EXERCISE AIM
Transcribe the listing verbatim. Do not carry over any pictures.

══════════

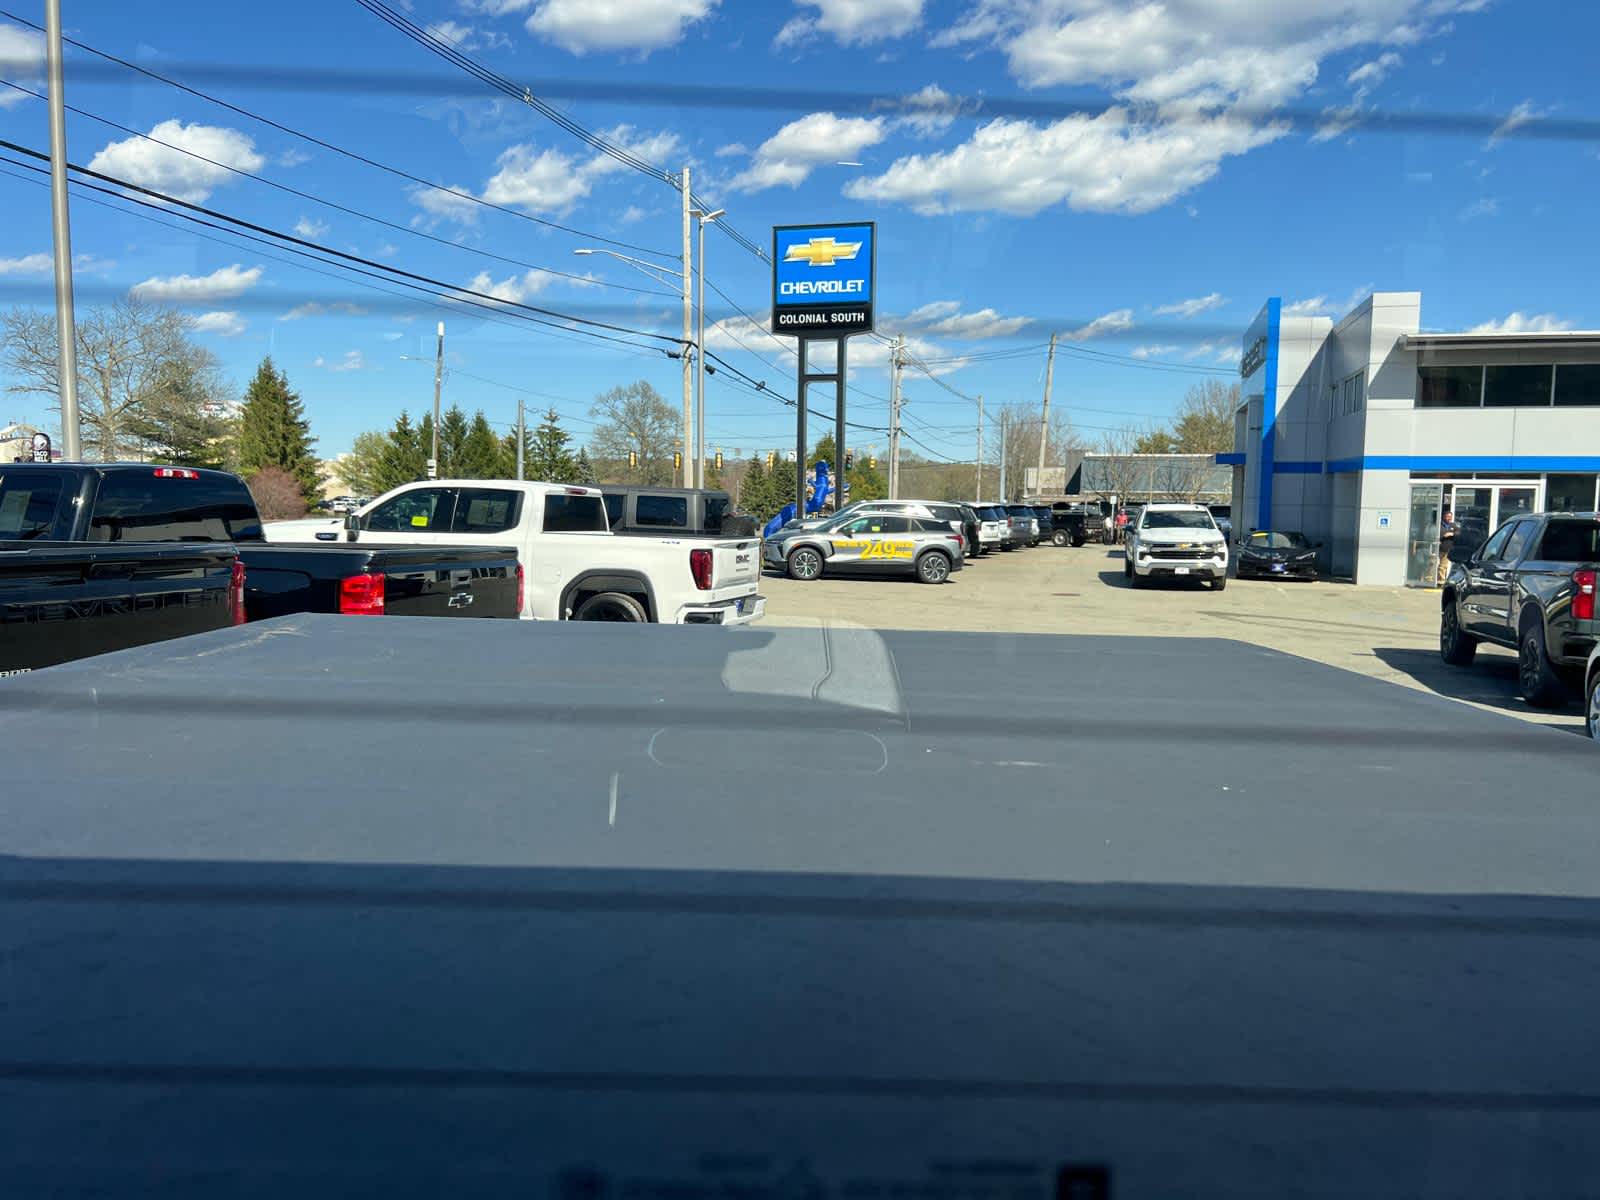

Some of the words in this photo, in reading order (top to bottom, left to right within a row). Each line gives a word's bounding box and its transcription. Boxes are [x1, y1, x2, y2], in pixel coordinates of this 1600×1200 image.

[780, 279, 865, 294] CHEVROLET
[779, 313, 828, 325] COLONIAL
[831, 312, 865, 323] SOUTH
[860, 541, 897, 560] 249
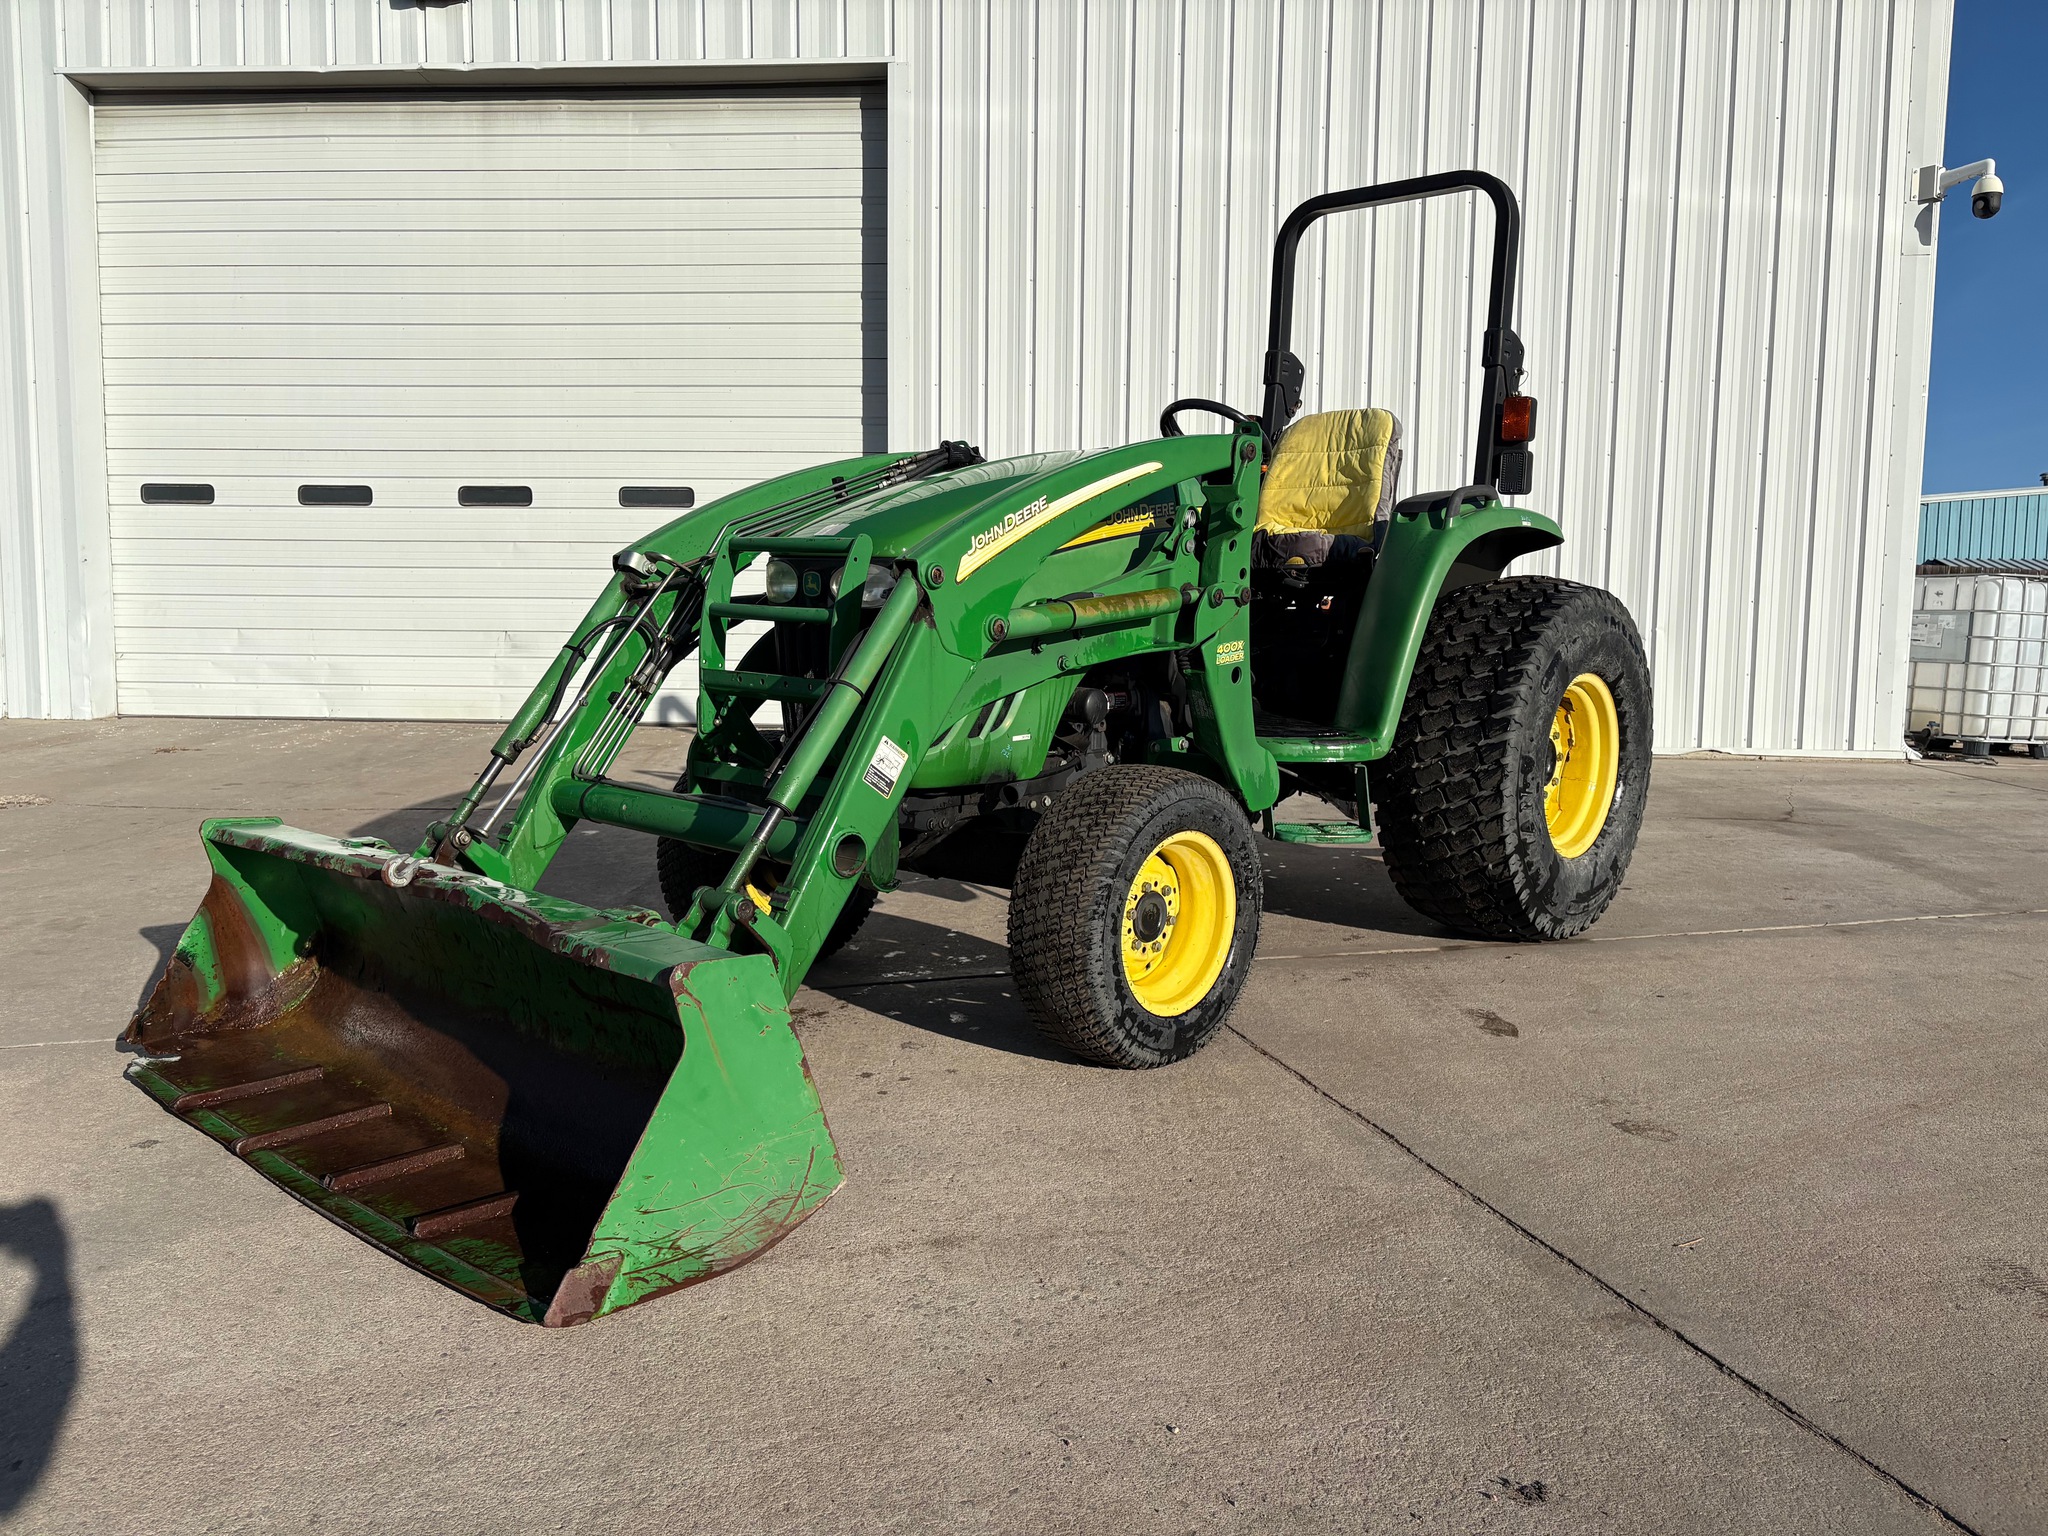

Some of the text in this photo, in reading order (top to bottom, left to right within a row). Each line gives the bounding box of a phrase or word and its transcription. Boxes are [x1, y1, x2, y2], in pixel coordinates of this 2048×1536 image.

[1107, 503, 1176, 525] JOHN DEERE
[967, 494, 1048, 555] JOHN DEERE
[1216, 640, 1245, 654] 400X
[1216, 652, 1245, 665] LOADER

══════════

ANSWER BOX
Some of the words in this photo, in reading order (top to bottom, left to right within a row). Each line gives a word's bounding box and its transcription. Boxes are [x1, y1, x2, y2], in pixel coordinates of this 1600×1200 image.

[780, 279, 865, 294] CHEVROLET
[779, 313, 828, 325] COLONIAL
[831, 312, 865, 323] SOUTH
[860, 541, 897, 560] 249

Some of the text in this photo, in reading order (top to bottom, left to right within a row). Each line gives the bounding box of a phrase or word and its transcription. Boxes are [x1, y1, x2, y2], in pixel coordinates of this 2048×1536 image.

[1107, 503, 1176, 525] JOHN DEERE
[967, 494, 1048, 555] JOHN DEERE
[1216, 640, 1245, 654] 400X
[1216, 652, 1245, 665] LOADER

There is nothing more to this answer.